Data entries:
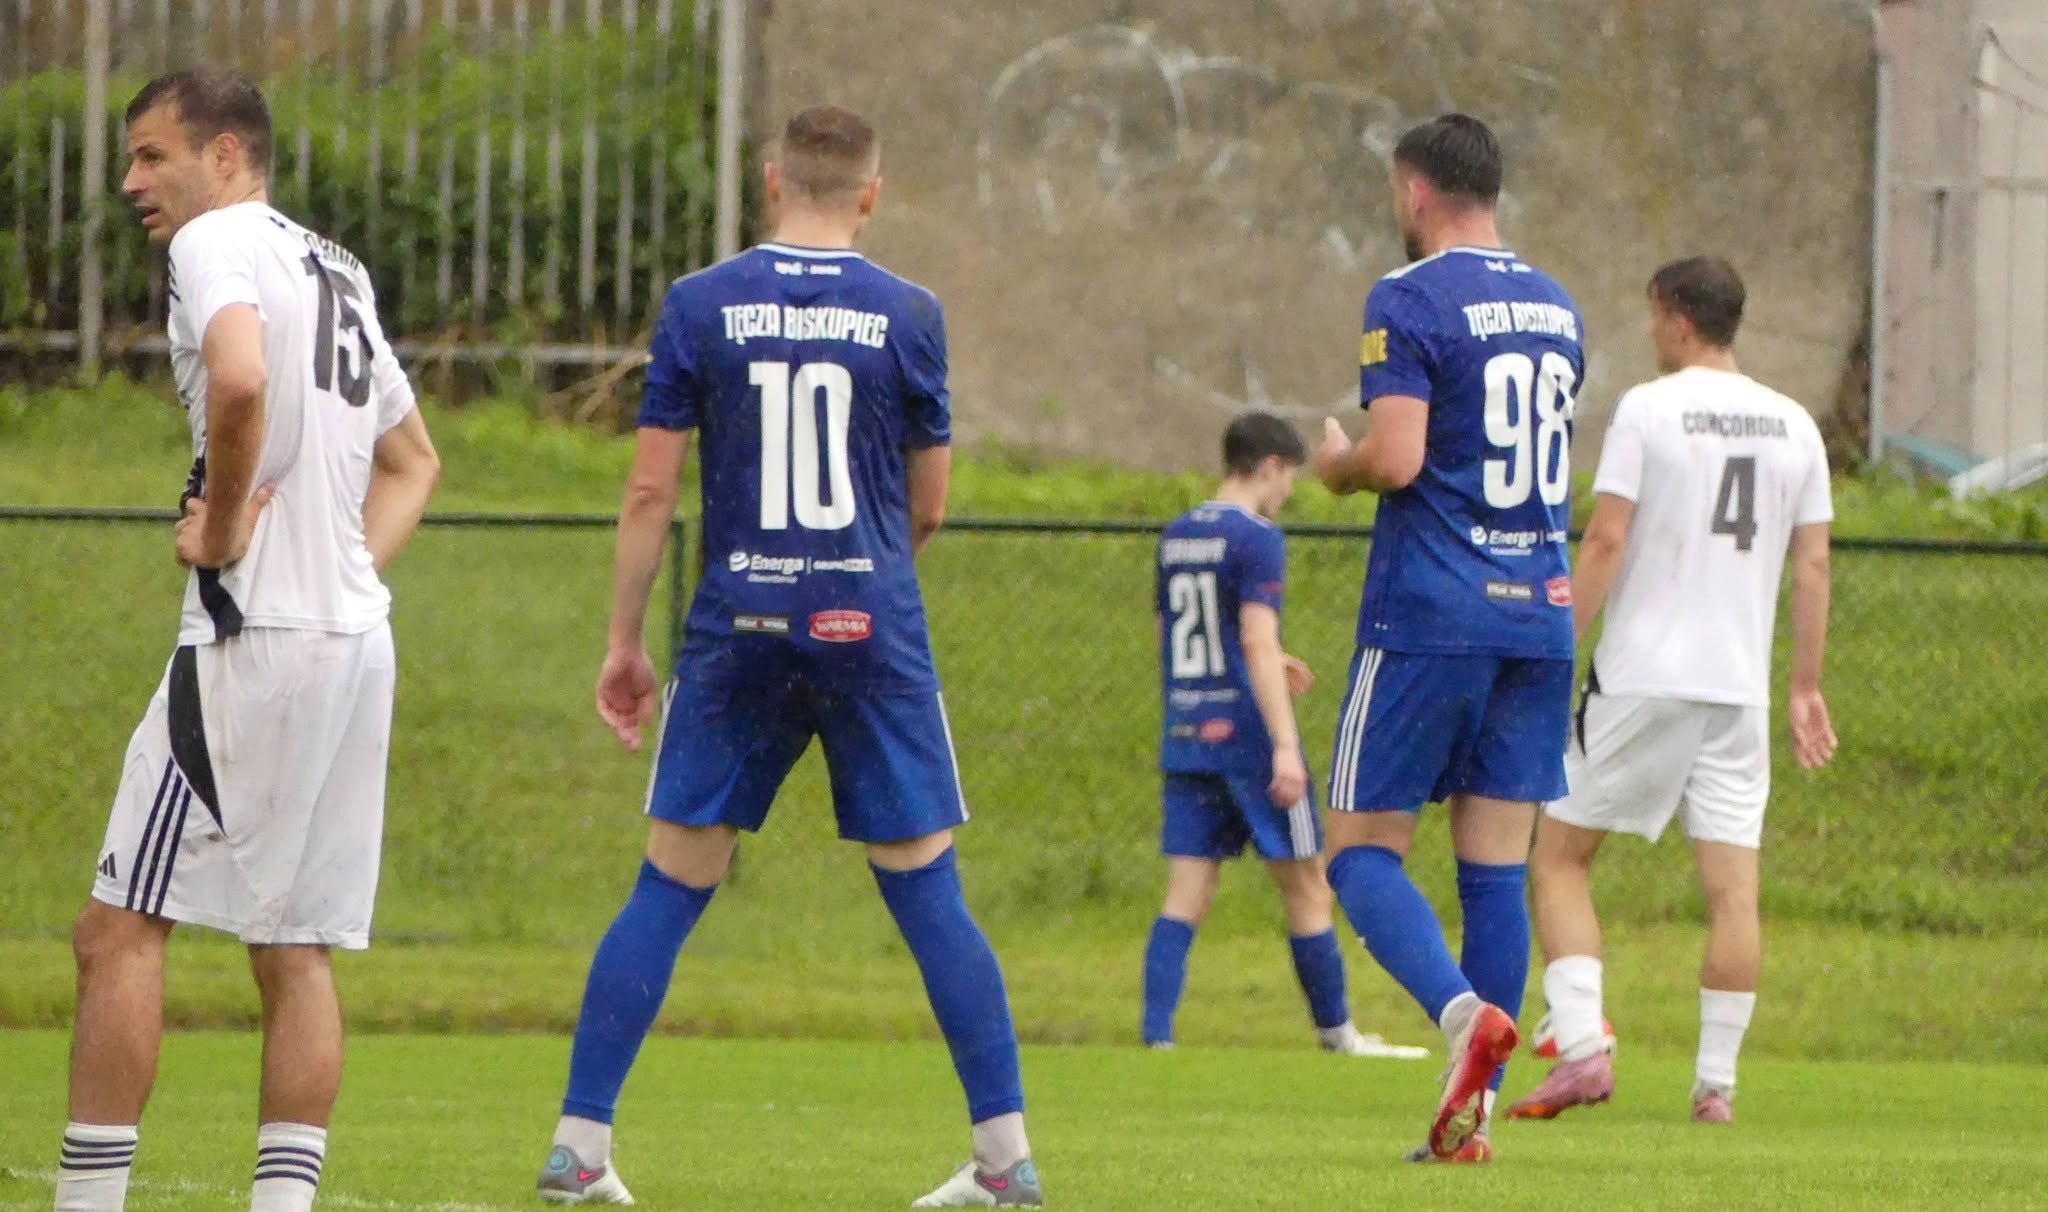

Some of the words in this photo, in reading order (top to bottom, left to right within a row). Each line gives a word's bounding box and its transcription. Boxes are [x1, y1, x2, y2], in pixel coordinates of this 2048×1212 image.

[300, 250, 375, 408] 15
[721, 303, 781, 345] TĘCZA
[785, 306, 888, 348] BISKUPIEC
[1462, 301, 1512, 342] TĘCZA
[748, 361, 856, 530] 10
[1483, 351, 1577, 509] 98
[1682, 410, 1789, 440] CONCORDIA
[1711, 456, 1758, 551] 4
[751, 554, 804, 574] Energa
[1168, 571, 1226, 680] 21

Problem: For this exercise, please reproduce the records above exactly and drop the images.

Reply to the exercise:
Some of the words in this photo, in reading order (top to bottom, left to right within a row). Each line gives a word's bounding box and its transcription. Boxes are [x1, y1, x2, y2], in pixel coordinates of this 2048×1212 image.

[300, 250, 375, 408] 15
[721, 303, 781, 345] TĘCZA
[785, 306, 888, 348] BISKUPIEC
[1462, 301, 1512, 342] TĘCZA
[748, 361, 856, 530] 10
[1483, 351, 1577, 509] 98
[1682, 410, 1789, 440] CONCORDIA
[1711, 456, 1758, 551] 4
[751, 554, 804, 574] Energa
[1168, 571, 1226, 680] 21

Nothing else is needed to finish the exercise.